Palestinians, Arabs of all stripes throughout the Middle East keep claiming that Israel, that lonely little nation of six million souls surrounded by a sea of hundreds of millions of bitterly anti-Israel Muslims is intent and capable of taking over the region in its entirety, a mission Muslims swear to forfend in the name of the Prophet and Allah, by the sacrifice of their own blood. The holy mission continues, as fervent Islamists find themselves blessed as martyrs-in-the-making in the name of Islam, a religion of peace and goodwill.

Here's a novel idea: stop attacking, stop the commitment to murder and mayhem, stop educating your young to hate and to accept that their destiny is to destroy another people, another country in their midst. If Islam is indeed a religion of peace, honour that religion and its message of peace. Your olive branch will be met with a dove.

Residents of Palestinian villages and towns have an obligation to deny the would-be murderers among them, to object to being used as cover for jihadists who imperil their lives by inviting the predictable deadly response from an army charged to protect the residents of their country. If Palestinians remain acquiescent to being used as human shields they can really blame no one but themselves for their supine consent to being victims.

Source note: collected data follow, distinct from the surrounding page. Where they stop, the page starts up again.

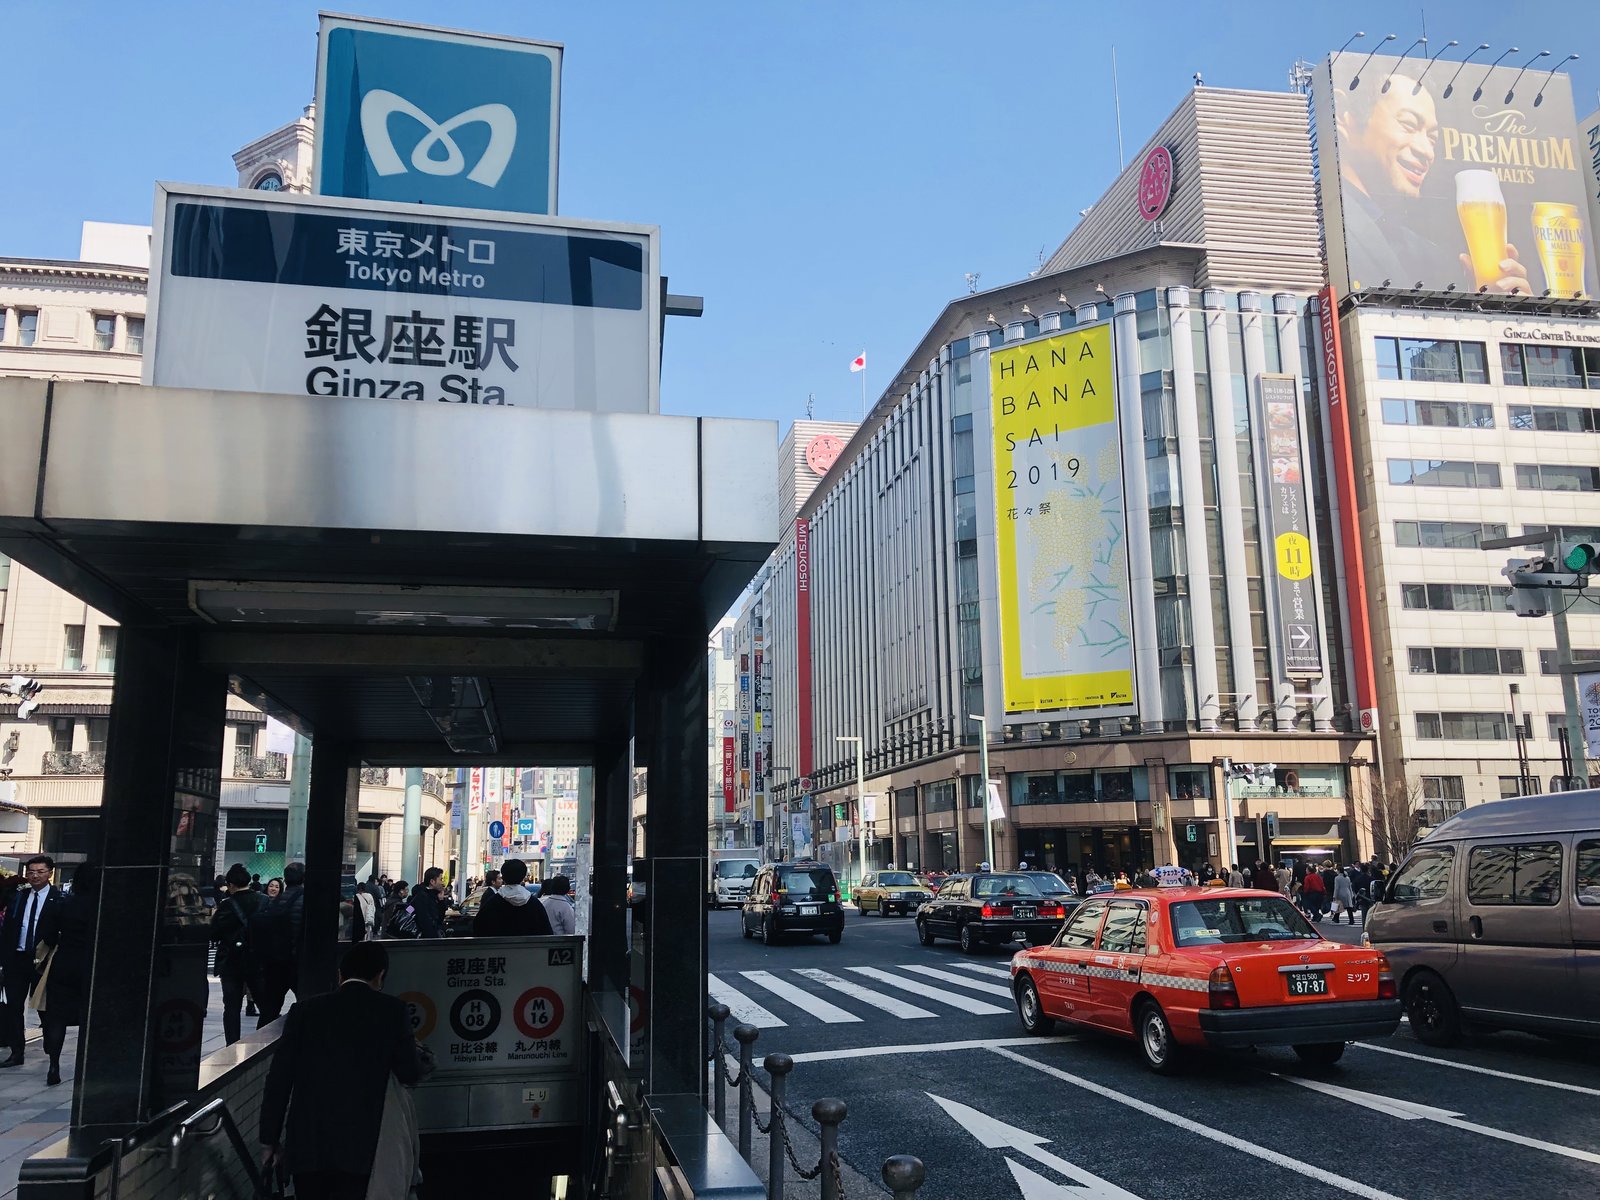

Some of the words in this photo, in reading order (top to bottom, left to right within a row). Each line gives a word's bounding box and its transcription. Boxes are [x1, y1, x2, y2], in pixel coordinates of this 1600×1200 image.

[1472, 105, 1536, 135] The
[1442, 127, 1576, 171] PREMIUM
[1492, 167, 1536, 184] MALT'S
[335, 228, 496, 265] 東京メトロ
[345, 260, 412, 286] Tokyo
[418, 266, 485, 289] Metro
[304, 303, 519, 374] 銀座駅
[1503, 327, 1532, 340] GINZA
[1532, 329, 1564, 341] CENTER
[1322, 296, 1339, 406] MITSUKOSHI
[1000, 341, 1094, 380] HANA
[306, 366, 425, 402] Ginza
[438, 373, 516, 406] Sta.
[1002, 378, 1096, 416] BANA
[1006, 423, 1059, 452] SAI
[1006, 458, 1080, 489] 2019
[1007, 502, 1051, 520] 花々祭
[799, 524, 808, 592] MITSUKOSHI
[551, 950, 572, 964] A2
[447, 957, 506, 976] 銀座駅
[447, 976, 480, 988] Ginza
[484, 976, 506, 987] Sta.
[1296, 980, 1325, 993] 87-87
[1347, 973, 1370, 983] ミツワ
[471, 1002, 480, 1012] H
[532, 1000, 545, 1010] M
[466, 1015, 485, 1027] 08
[531, 1013, 548, 1024] 16
[450, 1042, 498, 1055] 日比谷線
[515, 1040, 561, 1051] 丸ノ内線
[454, 1054, 478, 1063] Hibiya
[479, 1054, 493, 1062] Line
[507, 1051, 550, 1060] Marunouchi
[525, 1091, 547, 1102] 上り
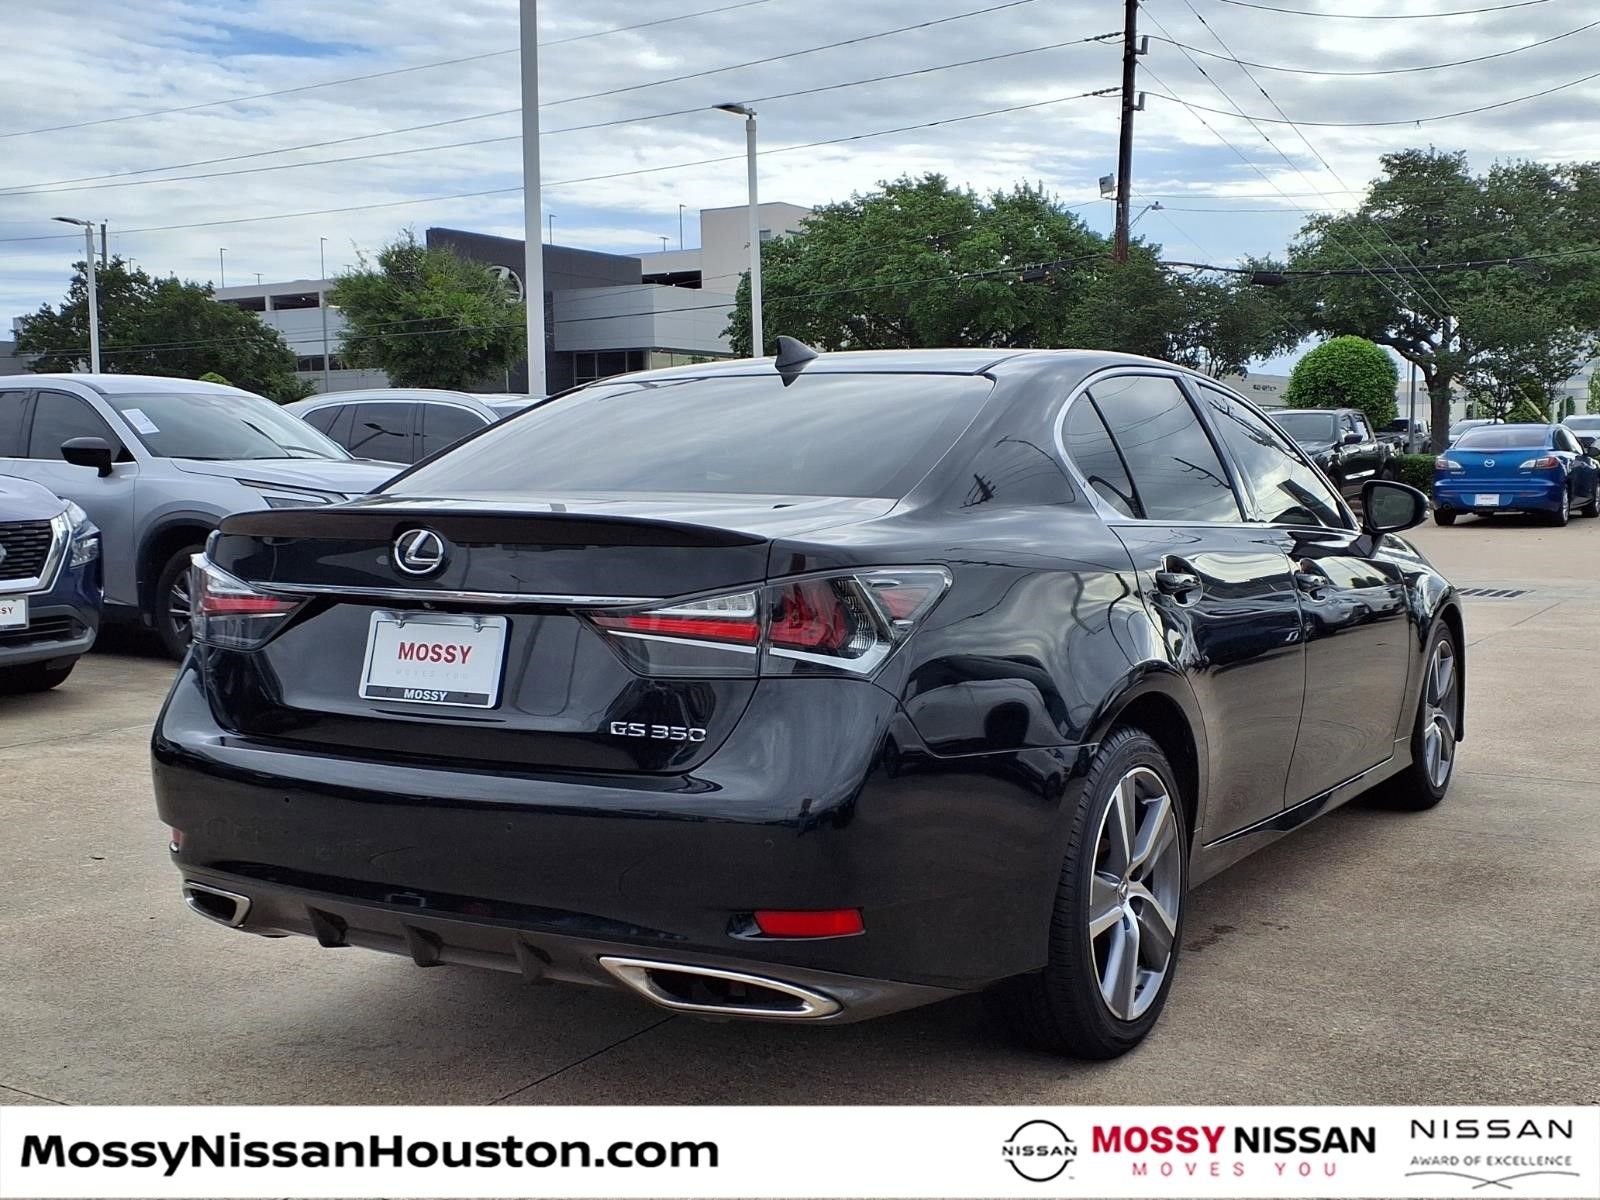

But the population that is victimized in this way turns their anger and undying enmity upon those who seek to protect their own, rather than where it belongs - directed toward those whose incendiary brand of hate is so convoluted that they see themselves as the protectors of those whom they imperil. Both the victims and their victimizers turn their blame upon Israel, which has acted in self-defence. Is that logical? Come to think of it how logical is it that the world press takes up the story just as it is presented, unquestioningly, without seeking cause and effect.

Provocative captions and heart-rending photographs accompany the news media's triumphant ndew-breaking stories of yet another perfidiously unjustifiable assault by the IDF against innocent civilians. On the same page, in smaller print, explicable captions and no luridly emotion-grabbing photographs for the stories of a reprisal killing of 41 soldiers in Pakistan; more sectarian murders in Iraq as another 66 are killed; Tamil Tigers claiming that Sri Lankan troops killed 45 civilians.

Israel has launched a formal investigation into the errant bomb that killed 18 civilians, including 8 children, in Beit Hanoun. It has explained that this was not a planned attack, but rather an accident caused by a wayward artillery shell, one of two as yet unaccounted for of a total of 12 fired in the area. However investigation or not, Hamas and Fatah have condemned the "terrible, despicable crime", while taking no ownership of their responsibility of the cause, the firing of Kassam rockets into Israeli territory.

Kassams launched from Gaza after the IDF pull-out continue unabated. One fell near a children's dormitory in Kubbutz Kfar Aza, others in open areas, two in Ashkelon. Earlier four rockets fell in Ashkelon, one near a school, another on a residential street, two near an industrial zone where a major power station and chemical plants are situated. No responsibility for these deadly assaults that terrify Israelis are owned by Hamas, yet it calls explicitly for a continuation of suicide attacks inside Israel to re-commence.

Three months earlier during the Israel-Lebanon war 57 Lebanese Arabs were reported dead as a result of an Israeli air strike. Much later evidence revealed that Israel had in fact, not been involved. The building, used to store explosives hadn't been destroyed by the bombing which had taken place a day earlier, but which later was used to house dozens of women and children throughout a night of bombing. Human Rights Watch later amended the figure to 28 dead, but their identity was vague, they were not the building's original occupants.

As in all such instances, the original story in the blame game sticks.